* _WHAT THIS TASK INVOLVES_: Please return the listing below word for word, minus its pictures.

* _EXTRACTED RECORDS_:
------------------------------------

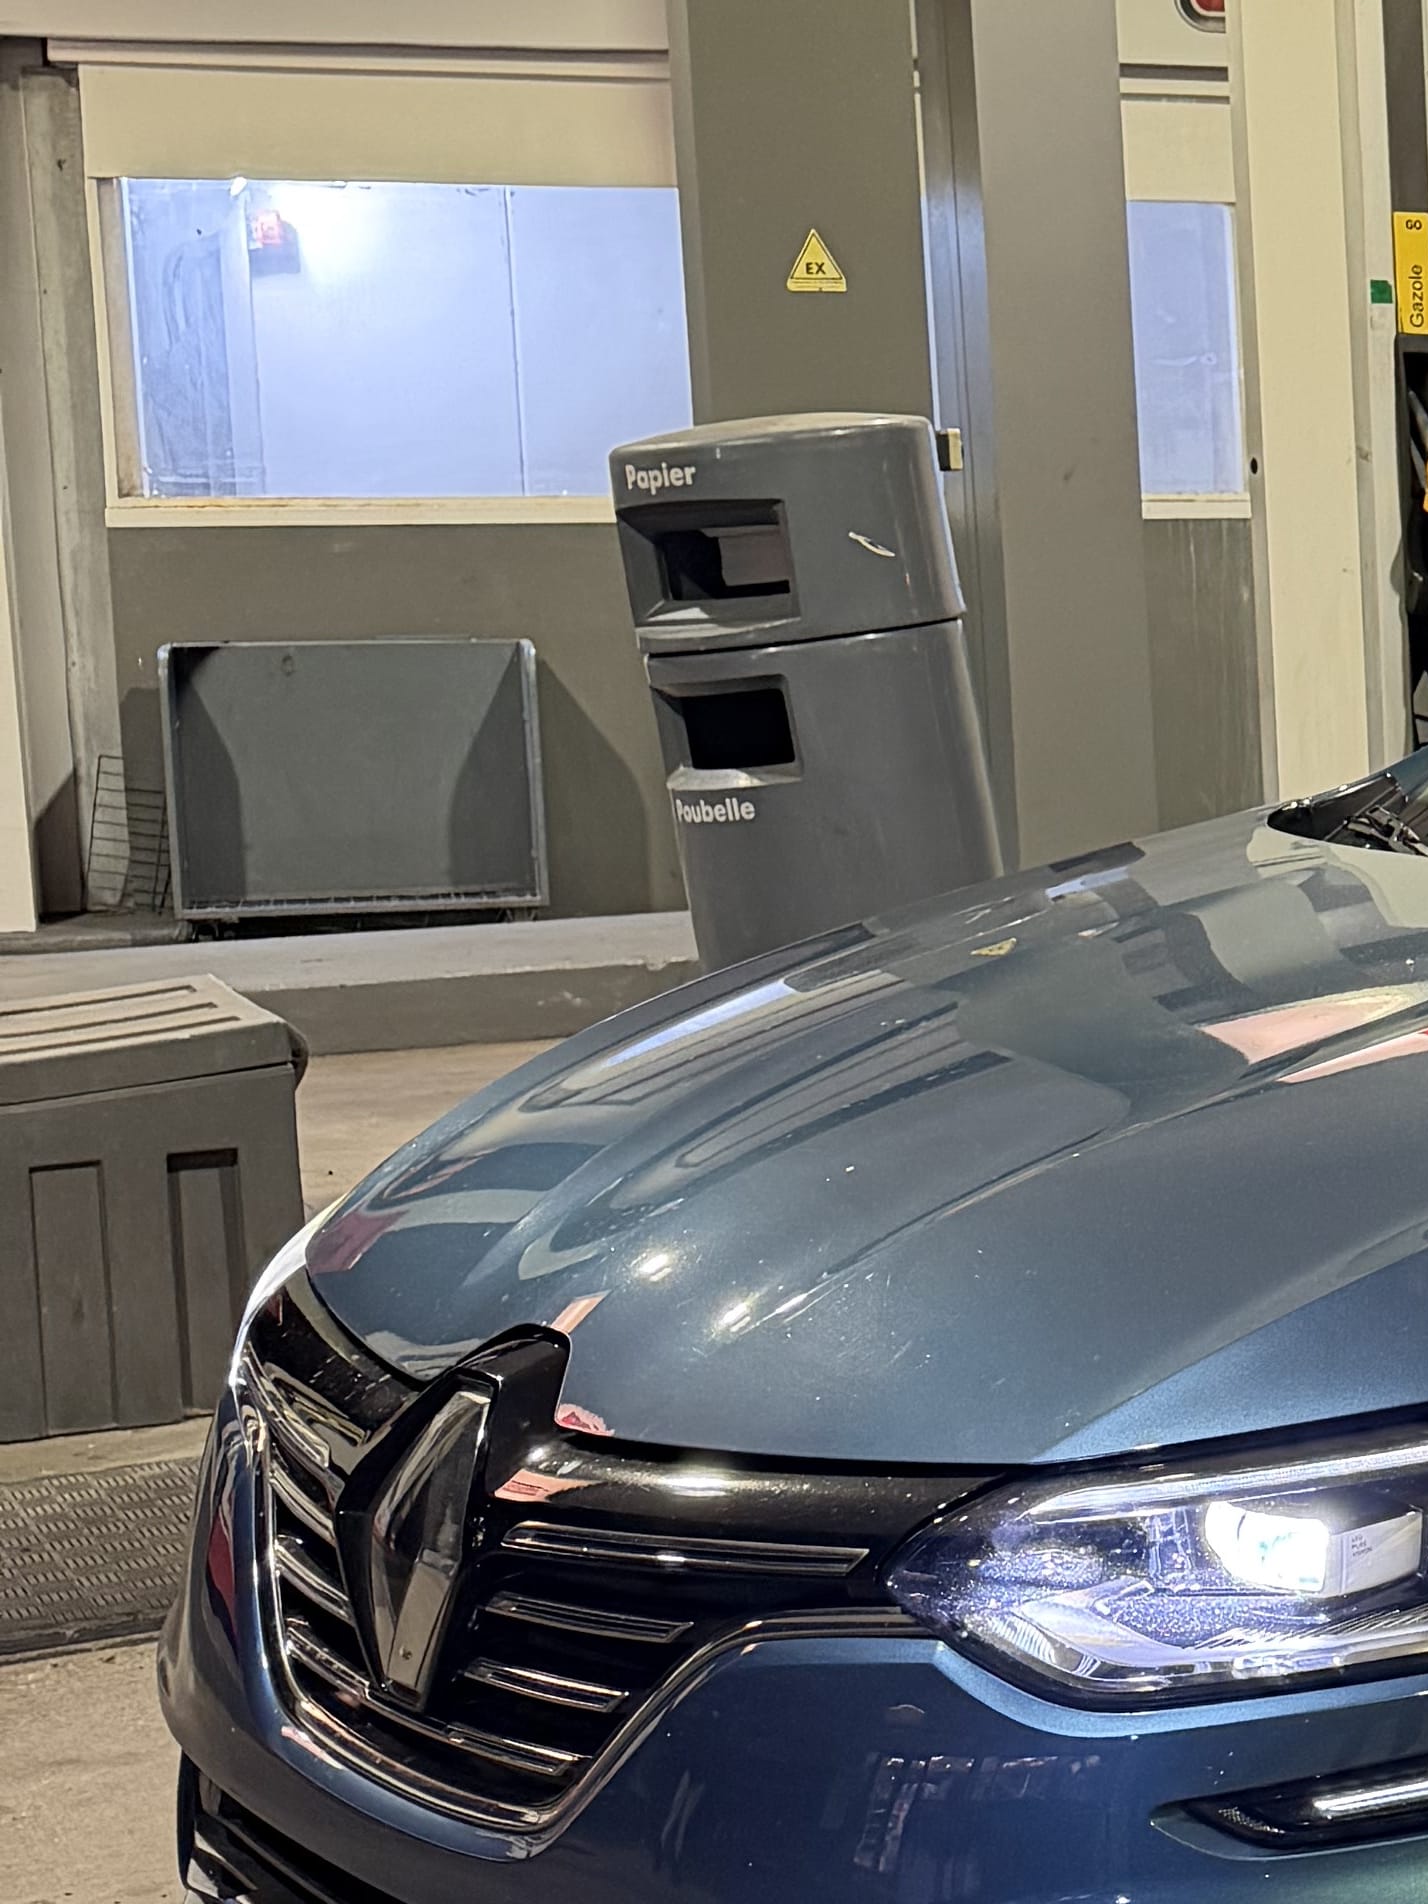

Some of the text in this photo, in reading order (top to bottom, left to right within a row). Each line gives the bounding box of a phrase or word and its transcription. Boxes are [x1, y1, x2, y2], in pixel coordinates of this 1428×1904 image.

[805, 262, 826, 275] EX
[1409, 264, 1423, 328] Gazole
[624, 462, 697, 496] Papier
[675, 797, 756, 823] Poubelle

------------------------------------

* _REPLY TO THE EXERCISE_:
Some of the text in this photo, in reading order (top to bottom, left to right within a row). Each line gives the bounding box of a phrase or word and its transcription. Boxes are [x1, y1, x2, y2], in pixel coordinates of this 1428×1904 image.

[805, 262, 826, 275] EX
[1409, 264, 1423, 328] Gazole
[624, 462, 697, 496] Papier
[675, 797, 756, 823] Poubelle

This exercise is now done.